• _What this task involves_
A faithful transcription of all the entries below is needed, without the pictures.

------------------------------------------------------------

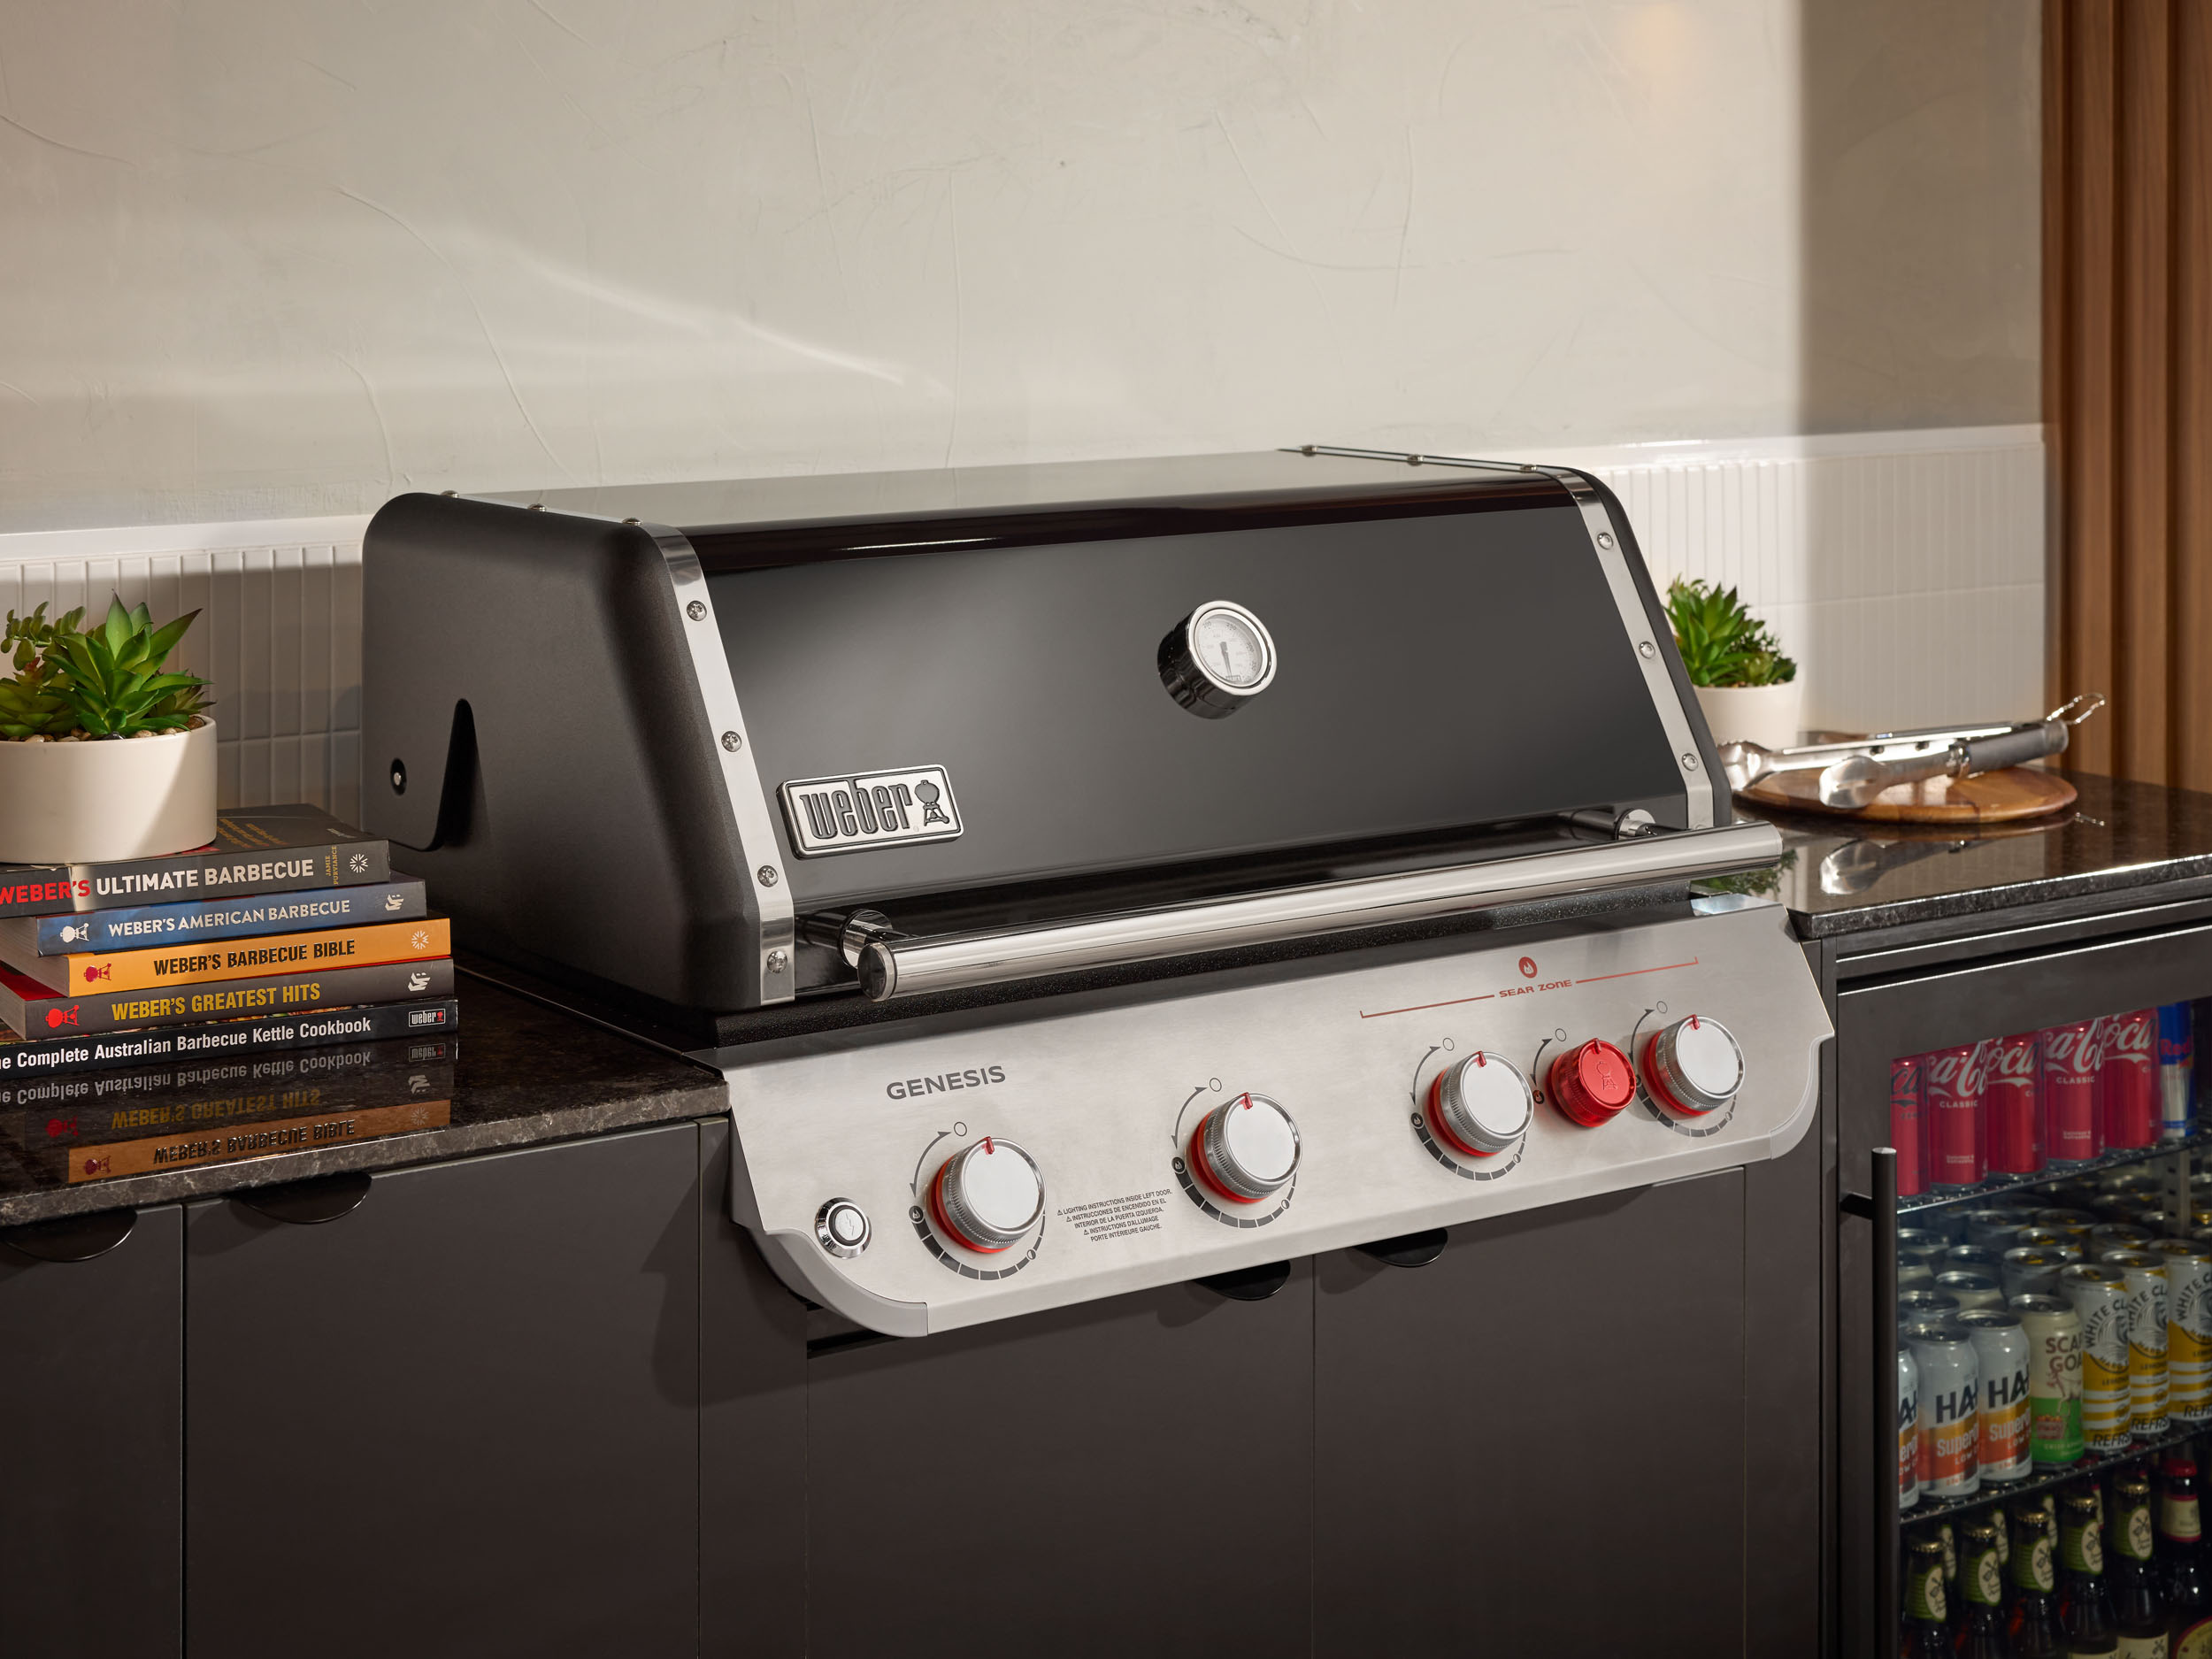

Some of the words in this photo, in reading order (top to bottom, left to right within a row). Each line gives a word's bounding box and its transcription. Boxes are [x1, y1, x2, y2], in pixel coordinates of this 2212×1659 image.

[799, 779, 913, 839] weber
[0, 879, 90, 905] WEBER'S
[96, 868, 199, 895] ULTIMATE
[205, 859, 313, 885] BARBECUE
[108, 918, 175, 937] WEBER'S
[178, 909, 264, 930] AMERICAN
[268, 899, 350, 921] BARBECUE
[154, 954, 221, 976] WEBER'S
[227, 945, 307, 968] BARBECUE
[313, 940, 355, 958] BIBLE
[112, 996, 185, 1021] WEBER'S
[191, 987, 276, 1013] GREATEST
[283, 982, 320, 1003] HITS
[1499, 986, 1534, 998] SEAR
[411, 1010, 436, 1025] weber
[18, 1047, 88, 1067] Complete
[95, 1039, 172, 1060] Australian
[177, 1032, 248, 1051] Barbecue
[253, 1025, 294, 1043] Kettle
[300, 1018, 372, 1037] Cookbook
[887, 1065, 1005, 1100] GENESIS
[2056, 1076, 2095, 1085] CLASSIC
[1939, 1100, 1978, 1109] CLASSIC
[1064, 1205, 1087, 1215] LIGHTING
[1088, 1198, 1125, 1209] INSTRUCTIONS
[1143, 1191, 1155, 1200] LEFT
[1072, 1207, 1113, 1221] INSTRUCCIONES
[1122, 1200, 1150, 1211] ENCENDIDO
[1074, 1218, 1099, 1228] INTERIOR
[1115, 1212, 1135, 1221] PUERTA
[1135, 1207, 1164, 1217] IZQUIERDA.
[1089, 1221, 1127, 1233] INSTRUCTIONS
[1127, 1216, 1159, 1226] D'ALLUMAGE
[1090, 1233, 1108, 1242] PORTE
[2176, 1278, 2202, 1322] WHITE
[2085, 1305, 2111, 1349] WHITE
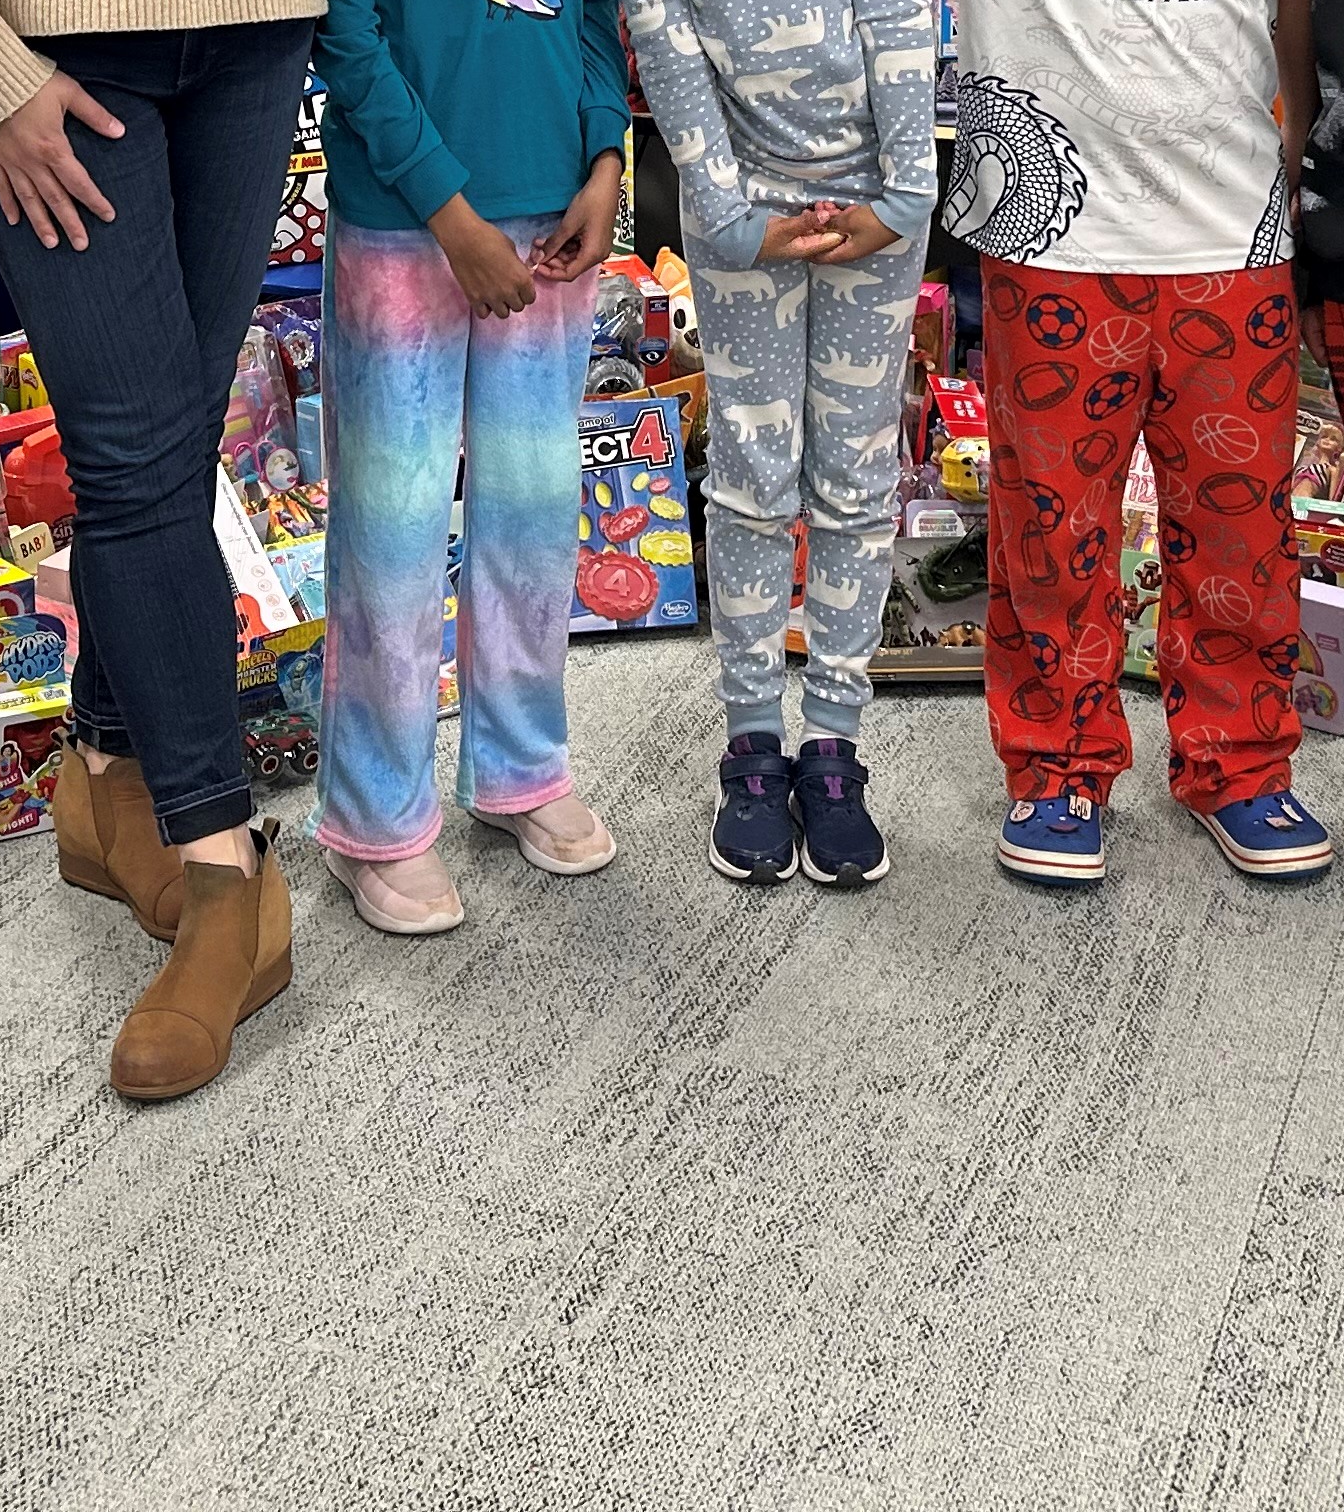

------------------------------------------------------------

• _Answer_
Some of the words in this photo, in reading order (top to bottom, left to right within a row). Each line gives a word's bounding box and its transcription. Boxes are [x1, y1, x2, y2], in pixel coordinates of this 2212×1659 image.

[799, 779, 913, 839] weber
[0, 879, 90, 905] WEBER'S
[96, 868, 199, 895] ULTIMATE
[205, 859, 313, 885] BARBECUE
[108, 918, 175, 937] WEBER'S
[178, 909, 264, 930] AMERICAN
[268, 899, 350, 921] BARBECUE
[154, 954, 221, 976] WEBER'S
[227, 945, 307, 968] BARBECUE
[313, 940, 355, 958] BIBLE
[112, 996, 185, 1021] WEBER'S
[191, 987, 276, 1013] GREATEST
[283, 982, 320, 1003] HITS
[1499, 986, 1534, 998] SEAR
[411, 1010, 436, 1025] weber
[18, 1047, 88, 1067] Complete
[95, 1039, 172, 1060] Australian
[177, 1032, 248, 1051] Barbecue
[253, 1025, 294, 1043] Kettle
[300, 1018, 372, 1037] Cookbook
[887, 1065, 1005, 1100] GENESIS
[2056, 1076, 2095, 1085] CLASSIC
[1939, 1100, 1978, 1109] CLASSIC
[1064, 1205, 1087, 1215] LIGHTING
[1088, 1198, 1125, 1209] INSTRUCTIONS
[1143, 1191, 1155, 1200] LEFT
[1072, 1207, 1113, 1221] INSTRUCCIONES
[1122, 1200, 1150, 1211] ENCENDIDO
[1074, 1218, 1099, 1228] INTERIOR
[1115, 1212, 1135, 1221] PUERTA
[1135, 1207, 1164, 1217] IZQUIERDA.
[1089, 1221, 1127, 1233] INSTRUCTIONS
[1127, 1216, 1159, 1226] D'ALLUMAGE
[1090, 1233, 1108, 1242] PORTE
[2176, 1278, 2202, 1322] WHITE
[2085, 1305, 2111, 1349] WHITE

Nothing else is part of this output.